Top of Source data
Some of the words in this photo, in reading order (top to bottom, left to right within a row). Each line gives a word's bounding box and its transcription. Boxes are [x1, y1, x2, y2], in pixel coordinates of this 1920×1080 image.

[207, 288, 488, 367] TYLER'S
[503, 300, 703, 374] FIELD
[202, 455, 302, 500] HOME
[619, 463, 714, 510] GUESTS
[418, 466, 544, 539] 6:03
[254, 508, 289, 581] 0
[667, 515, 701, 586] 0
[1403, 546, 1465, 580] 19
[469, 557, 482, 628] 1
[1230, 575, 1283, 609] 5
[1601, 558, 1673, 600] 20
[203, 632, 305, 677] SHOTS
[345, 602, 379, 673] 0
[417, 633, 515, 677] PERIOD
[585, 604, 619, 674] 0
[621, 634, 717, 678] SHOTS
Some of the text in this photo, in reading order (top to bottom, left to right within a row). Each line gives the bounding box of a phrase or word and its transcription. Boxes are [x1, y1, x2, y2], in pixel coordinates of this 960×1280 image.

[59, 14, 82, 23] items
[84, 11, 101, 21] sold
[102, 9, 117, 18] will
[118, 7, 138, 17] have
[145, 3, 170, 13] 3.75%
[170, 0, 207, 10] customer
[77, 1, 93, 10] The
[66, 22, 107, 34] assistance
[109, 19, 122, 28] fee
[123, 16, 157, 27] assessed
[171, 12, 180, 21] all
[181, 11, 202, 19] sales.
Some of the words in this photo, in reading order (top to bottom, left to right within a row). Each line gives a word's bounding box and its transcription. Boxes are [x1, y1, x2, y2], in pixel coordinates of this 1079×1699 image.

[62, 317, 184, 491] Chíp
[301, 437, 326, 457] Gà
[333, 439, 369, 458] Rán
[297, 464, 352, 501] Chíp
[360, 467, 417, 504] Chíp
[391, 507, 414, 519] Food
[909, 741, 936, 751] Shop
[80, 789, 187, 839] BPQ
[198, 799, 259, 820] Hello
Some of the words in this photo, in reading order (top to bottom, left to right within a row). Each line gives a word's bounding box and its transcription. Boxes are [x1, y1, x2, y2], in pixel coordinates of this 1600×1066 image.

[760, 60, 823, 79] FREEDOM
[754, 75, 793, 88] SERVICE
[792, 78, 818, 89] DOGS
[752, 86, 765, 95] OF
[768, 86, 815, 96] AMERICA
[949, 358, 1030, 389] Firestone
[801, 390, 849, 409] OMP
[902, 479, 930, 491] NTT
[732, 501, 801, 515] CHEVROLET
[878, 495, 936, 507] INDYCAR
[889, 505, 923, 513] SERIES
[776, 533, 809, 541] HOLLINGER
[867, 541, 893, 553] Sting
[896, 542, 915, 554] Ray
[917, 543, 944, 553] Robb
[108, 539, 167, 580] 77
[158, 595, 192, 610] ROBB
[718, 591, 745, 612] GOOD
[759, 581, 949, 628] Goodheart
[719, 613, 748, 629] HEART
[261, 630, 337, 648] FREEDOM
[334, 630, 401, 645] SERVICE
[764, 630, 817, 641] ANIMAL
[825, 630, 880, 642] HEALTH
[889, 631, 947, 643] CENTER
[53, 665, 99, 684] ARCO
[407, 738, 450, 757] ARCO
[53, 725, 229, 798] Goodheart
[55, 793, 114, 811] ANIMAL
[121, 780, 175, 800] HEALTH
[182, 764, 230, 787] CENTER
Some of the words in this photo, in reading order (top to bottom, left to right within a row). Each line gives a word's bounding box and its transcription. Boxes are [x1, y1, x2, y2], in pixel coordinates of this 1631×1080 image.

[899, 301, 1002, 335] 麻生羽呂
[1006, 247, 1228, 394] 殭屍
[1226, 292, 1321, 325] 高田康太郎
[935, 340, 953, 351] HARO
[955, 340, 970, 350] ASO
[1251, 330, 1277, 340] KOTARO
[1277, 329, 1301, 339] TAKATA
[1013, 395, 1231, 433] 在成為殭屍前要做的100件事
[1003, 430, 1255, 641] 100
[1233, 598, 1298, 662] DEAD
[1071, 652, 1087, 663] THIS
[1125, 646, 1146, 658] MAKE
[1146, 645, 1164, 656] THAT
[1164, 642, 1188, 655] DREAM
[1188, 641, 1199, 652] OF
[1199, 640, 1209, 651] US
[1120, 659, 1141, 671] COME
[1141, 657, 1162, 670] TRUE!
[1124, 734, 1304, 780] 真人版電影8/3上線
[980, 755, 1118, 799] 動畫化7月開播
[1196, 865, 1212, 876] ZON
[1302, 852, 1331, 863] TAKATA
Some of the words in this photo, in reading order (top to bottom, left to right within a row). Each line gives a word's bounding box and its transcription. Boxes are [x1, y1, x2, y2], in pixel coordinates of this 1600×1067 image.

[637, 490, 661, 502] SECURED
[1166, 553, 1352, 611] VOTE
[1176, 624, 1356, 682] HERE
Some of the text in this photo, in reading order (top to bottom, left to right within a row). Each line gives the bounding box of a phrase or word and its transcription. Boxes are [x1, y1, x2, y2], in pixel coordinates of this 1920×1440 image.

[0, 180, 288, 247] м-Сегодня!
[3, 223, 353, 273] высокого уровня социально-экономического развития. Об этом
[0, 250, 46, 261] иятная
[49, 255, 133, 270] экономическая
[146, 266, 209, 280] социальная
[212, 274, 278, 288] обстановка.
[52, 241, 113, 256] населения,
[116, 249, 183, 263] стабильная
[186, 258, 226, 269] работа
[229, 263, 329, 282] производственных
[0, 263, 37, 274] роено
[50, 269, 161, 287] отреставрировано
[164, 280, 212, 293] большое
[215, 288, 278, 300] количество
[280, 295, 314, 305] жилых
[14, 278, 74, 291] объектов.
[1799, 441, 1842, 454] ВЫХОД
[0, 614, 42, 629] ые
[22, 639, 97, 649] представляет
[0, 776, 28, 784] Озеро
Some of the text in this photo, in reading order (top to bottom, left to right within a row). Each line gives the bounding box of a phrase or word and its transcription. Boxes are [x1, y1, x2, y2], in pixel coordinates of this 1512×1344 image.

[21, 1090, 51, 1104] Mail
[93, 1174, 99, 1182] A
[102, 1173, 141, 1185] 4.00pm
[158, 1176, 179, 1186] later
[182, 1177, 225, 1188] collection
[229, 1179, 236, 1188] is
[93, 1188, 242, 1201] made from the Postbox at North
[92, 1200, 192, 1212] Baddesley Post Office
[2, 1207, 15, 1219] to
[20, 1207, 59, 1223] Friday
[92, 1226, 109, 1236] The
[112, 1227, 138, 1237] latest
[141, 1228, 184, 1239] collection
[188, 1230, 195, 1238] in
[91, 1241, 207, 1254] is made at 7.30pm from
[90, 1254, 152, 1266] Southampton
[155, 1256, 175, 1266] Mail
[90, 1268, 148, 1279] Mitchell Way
Bottom of Source data
Work request -
Exactly as written above, reproduce all of the entries.

Solution below -
Some of the words in this photo, in reading order (top to bottom, left to right within a row). Each line gives a word's bounding box and its transcription. Boxes are [x1, y1, x2, y2], in pixel coordinates of this 1920×1080 image.

[207, 288, 488, 367] TYLER'S
[503, 300, 703, 374] FIELD
[202, 455, 302, 500] HOME
[619, 463, 714, 510] GUESTS
[418, 466, 544, 539] 6:03
[254, 508, 289, 581] 0
[667, 515, 701, 586] 0
[1403, 546, 1465, 580] 19
[469, 557, 482, 628] 1
[1230, 575, 1283, 609] 5
[1601, 558, 1673, 600] 20
[203, 632, 305, 677] SHOTS
[345, 602, 379, 673] 0
[417, 633, 515, 677] PERIOD
[585, 604, 619, 674] 0
[621, 634, 717, 678] SHOTS
Some of the text in this photo, in reading order (top to bottom, left to right within a row). Each line gives the bounding box of a phrase or word and its transcription. Boxes are [x1, y1, x2, y2], in pixel coordinates of this 960×1280 image.

[59, 14, 82, 23] items
[84, 11, 101, 21] sold
[102, 9, 117, 18] will
[118, 7, 138, 17] have
[145, 3, 170, 13] 3.75%
[170, 0, 207, 10] customer
[77, 1, 93, 10] The
[66, 22, 107, 34] assistance
[109, 19, 122, 28] fee
[123, 16, 157, 27] assessed
[171, 12, 180, 21] all
[181, 11, 202, 19] sales.
Some of the words in this photo, in reading order (top to bottom, left to right within a row). Each line gives a word's bounding box and its transcription. Boxes are [x1, y1, x2, y2], in pixel coordinates of this 1079×1699 image.

[62, 317, 184, 491] Chíp
[301, 437, 326, 457] Gà
[333, 439, 369, 458] Rán
[297, 464, 352, 501] Chíp
[360, 467, 417, 504] Chíp
[391, 507, 414, 519] Food
[909, 741, 936, 751] Shop
[80, 789, 187, 839] BPQ
[198, 799, 259, 820] Hello
Some of the words in this photo, in reading order (top to bottom, left to right within a row). Each line gives a word's bounding box and its transcription. Boxes are [x1, y1, x2, y2], in pixel coordinates of this 1600×1066 image.

[760, 60, 823, 79] FREEDOM
[754, 75, 793, 88] SERVICE
[792, 78, 818, 89] DOGS
[752, 86, 765, 95] OF
[768, 86, 815, 96] AMERICA
[949, 358, 1030, 389] Firestone
[801, 390, 849, 409] OMP
[902, 479, 930, 491] NTT
[732, 501, 801, 515] CHEVROLET
[878, 495, 936, 507] INDYCAR
[889, 505, 923, 513] SERIES
[776, 533, 809, 541] HOLLINGER
[867, 541, 893, 553] Sting
[896, 542, 915, 554] Ray
[917, 543, 944, 553] Robb
[108, 539, 167, 580] 77
[158, 595, 192, 610] ROBB
[718, 591, 745, 612] GOOD
[759, 581, 949, 628] Goodheart
[719, 613, 748, 629] HEART
[261, 630, 337, 648] FREEDOM
[334, 630, 401, 645] SERVICE
[764, 630, 817, 641] ANIMAL
[825, 630, 880, 642] HEALTH
[889, 631, 947, 643] CENTER
[53, 665, 99, 684] ARCO
[407, 738, 450, 757] ARCO
[53, 725, 229, 798] Goodheart
[55, 793, 114, 811] ANIMAL
[121, 780, 175, 800] HEALTH
[182, 764, 230, 787] CENTER
Some of the words in this photo, in reading order (top to bottom, left to right within a row). Each line gives a word's bounding box and its transcription. Boxes are [x1, y1, x2, y2], in pixel coordinates of this 1631×1080 image.

[899, 301, 1002, 335] 麻生羽呂
[1006, 247, 1228, 394] 殭屍
[1226, 292, 1321, 325] 高田康太郎
[935, 340, 953, 351] HARO
[955, 340, 970, 350] ASO
[1251, 330, 1277, 340] KOTARO
[1277, 329, 1301, 339] TAKATA
[1013, 395, 1231, 433] 在成為殭屍前要做的100件事
[1003, 430, 1255, 641] 100
[1233, 598, 1298, 662] DEAD
[1071, 652, 1087, 663] THIS
[1125, 646, 1146, 658] MAKE
[1146, 645, 1164, 656] THAT
[1164, 642, 1188, 655] DREAM
[1188, 641, 1199, 652] OF
[1199, 640, 1209, 651] US
[1120, 659, 1141, 671] COME
[1141, 657, 1162, 670] TRUE!
[1124, 734, 1304, 780] 真人版電影8/3上線
[980, 755, 1118, 799] 動畫化7月開播
[1196, 865, 1212, 876] ZON
[1302, 852, 1331, 863] TAKATA
Some of the words in this photo, in reading order (top to bottom, left to right within a row). Each line gives a word's bounding box and its transcription. Boxes are [x1, y1, x2, y2], in pixel coordinates of this 1600×1067 image.

[637, 490, 661, 502] SECURED
[1166, 553, 1352, 611] VOTE
[1176, 624, 1356, 682] HERE
Some of the text in this photo, in reading order (top to bottom, left to right within a row). Each line gives the bounding box of a phrase or word and its transcription. Boxes are [x1, y1, x2, y2], in pixel coordinates of this 1920×1440 image.

[0, 180, 288, 247] м-Сегодня!
[3, 223, 353, 273] высокого уровня социально-экономического развития. Об этом
[0, 250, 46, 261] иятная
[49, 255, 133, 270] экономическая
[146, 266, 209, 280] социальная
[212, 274, 278, 288] обстановка.
[52, 241, 113, 256] населения,
[116, 249, 183, 263] стабильная
[186, 258, 226, 269] работа
[229, 263, 329, 282] производственных
[0, 263, 37, 274] роено
[50, 269, 161, 287] отреставрировано
[164, 280, 212, 293] большое
[215, 288, 278, 300] количество
[280, 295, 314, 305] жилых
[14, 278, 74, 291] объектов.
[1799, 441, 1842, 454] ВЫХОД
[0, 614, 42, 629] ые
[22, 639, 97, 649] представляет
[0, 776, 28, 784] Озеро
Some of the text in this photo, in reading order (top to bottom, left to right within a row). Each line gives the bounding box of a phrase or word and its transcription. Boxes are [x1, y1, x2, y2], in pixel coordinates of this 1512×1344 image.

[21, 1090, 51, 1104] Mail
[93, 1174, 99, 1182] A
[102, 1173, 141, 1185] 4.00pm
[158, 1176, 179, 1186] later
[182, 1177, 225, 1188] collection
[229, 1179, 236, 1188] is
[93, 1188, 242, 1201] made from the Postbox at North
[92, 1200, 192, 1212] Baddesley Post Office
[2, 1207, 15, 1219] to
[20, 1207, 59, 1223] Friday
[92, 1226, 109, 1236] The
[112, 1227, 138, 1237] latest
[141, 1228, 184, 1239] collection
[188, 1230, 195, 1238] in
[91, 1241, 207, 1254] is made at 7.30pm from
[90, 1254, 152, 1266] Southampton
[155, 1256, 175, 1266] Mail
[90, 1268, 148, 1279] Mitchell Way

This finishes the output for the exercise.